There’s been a ton of research on the impact of AI tools like GitHub Copilot, but most of it comes from Microsoft and the vendors selling these solutions. So, we figured it was time to take a look at some real-world data and provide an independent perspective.
Earlier this month, we analyzed data from a US-based fintech company with 1,000-2,000 engineers. We’ve been working closely with them to understand the productivity impact of their Copilot rollout—something their CFO is very eager to measure.
Here’s what we found when we dug into the numbers.
One key metric we always look at with Copilot implementations is the boost in pull requests merged. Now, let’s be clear—the number of PRs alone isn’t a perfect metric. It doesn’t tell you about effort or how complex PRs are. But it’s a widely accepted signal for productivity, which is why it was included in the DX Core 4 framework.
For this analysis, we split the developer population into two groups: active Copilot users (developers using it at least once a week) and non-active users.
Over a 90-day period, active Copilot users merged 24% more PRs per week than non-users. A 24% lift is big, and the company was thrilled with this result.
Of course, not all PRs are created equal. Some are more complex than others. So, we also looked at average PR size, measured by lines of code changed. What we found was that active Copilot users not only merged more PRs, but their PRs were also larger on average.
The takeaway: this fintech company is seeing a measurable increase in output from Copilot users. This has helped them feel more confident about their investment.
That said, not every organization sees a 25% lift. Some even report lower PR throughput with Copilot. We’ll dive into some reasons for this in future reports, but it underscores why you need to look at a range of metrics when evaluating the impact.
As mentioned earlier, PRs don’t tell the whole story. There are other variables at play. Maybe the developers using Copilot are just more experienced or more productive overall. It could be correlation, not causation.
That’s why this company also looked at self-reported time savings. In their latest quarterly survey, 28% of active Copilot users reported saving at least one hour per week, and 11% said they’re saving two or more hours per week. These numbers track closely with the uptick in PR output.

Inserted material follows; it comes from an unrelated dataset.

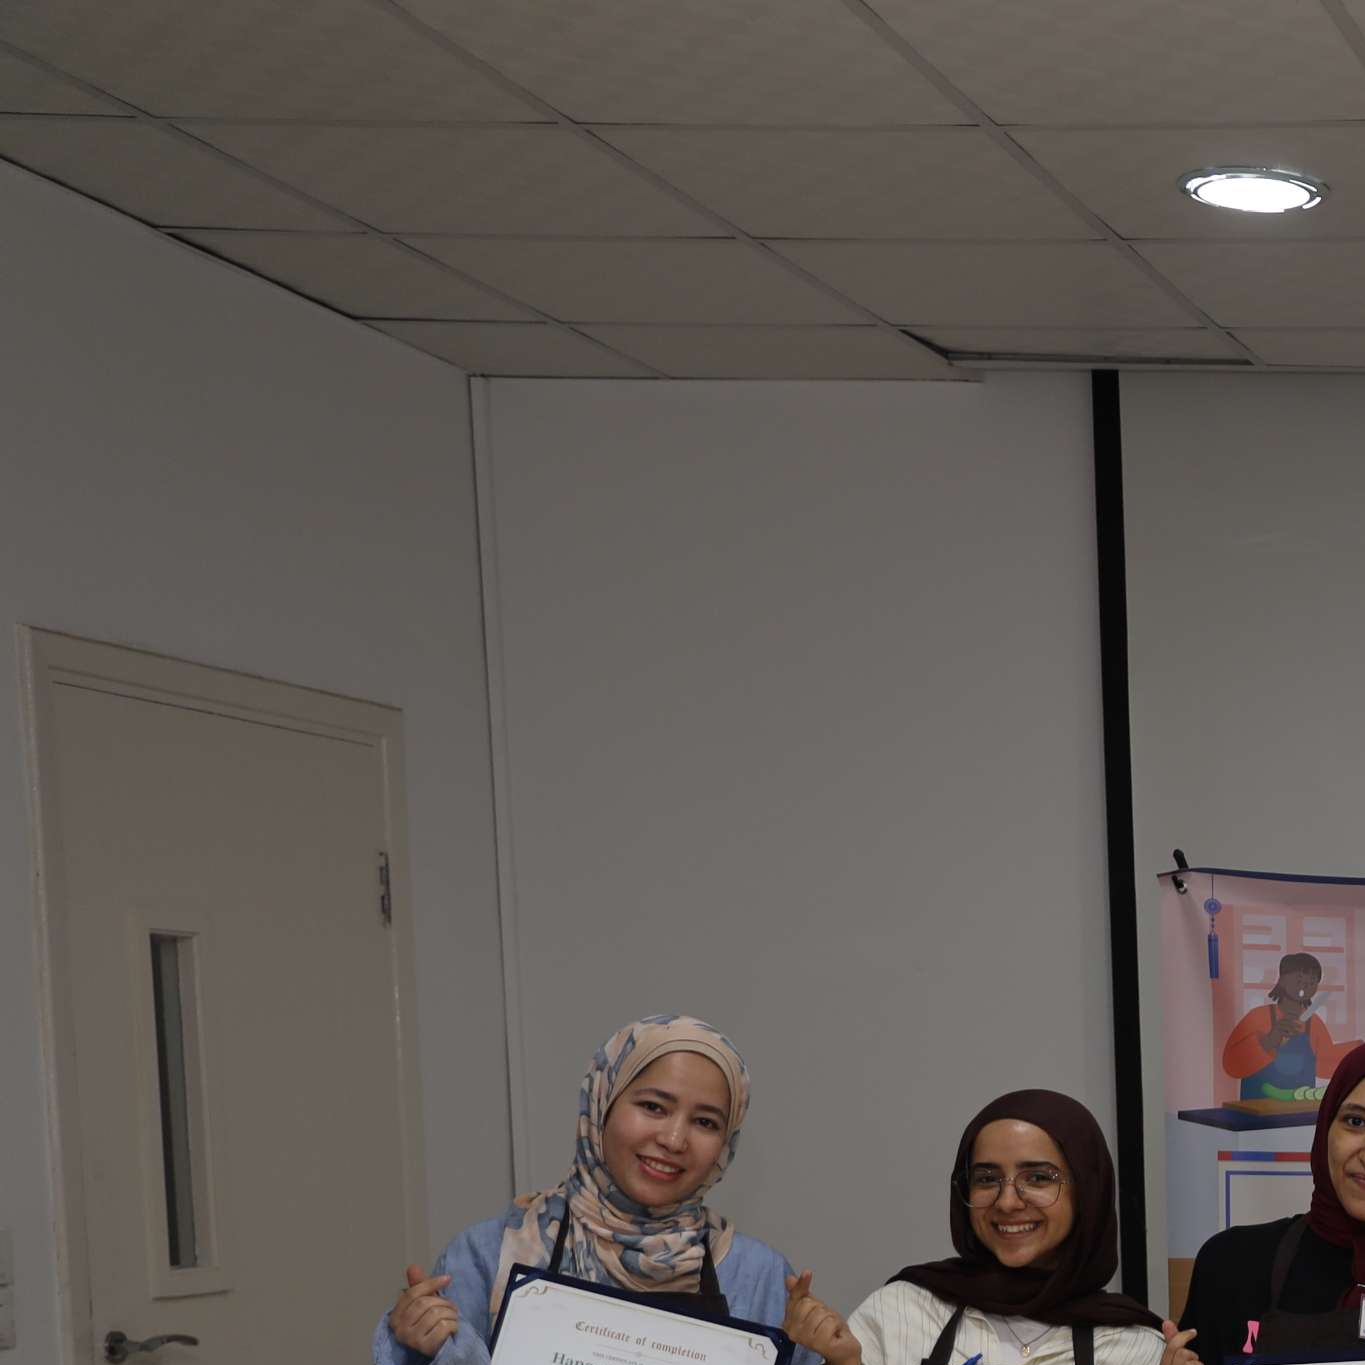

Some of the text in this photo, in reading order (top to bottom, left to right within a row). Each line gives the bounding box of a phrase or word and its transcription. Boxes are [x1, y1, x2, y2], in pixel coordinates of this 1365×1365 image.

[575, 1321, 706, 1361] Certificate of completion

Of course, self-reported metrics like this one have their own challenges, namely that it’s hard for people to provide highly precise reports on the time they’ve saved. One of the ways to overcome this is to collect more in-the-moment data points through methods such as experience sampling.
There’s been no shortage of vendor-driven research on AI tools like Copilot, but real-world examples are still hard to come by. The data we’ve seen from this fintech company shows a meaningful boost in both output and time savings. As Copilot continues to evolve, and as developers get better at using it, we expect its impact to keep growing.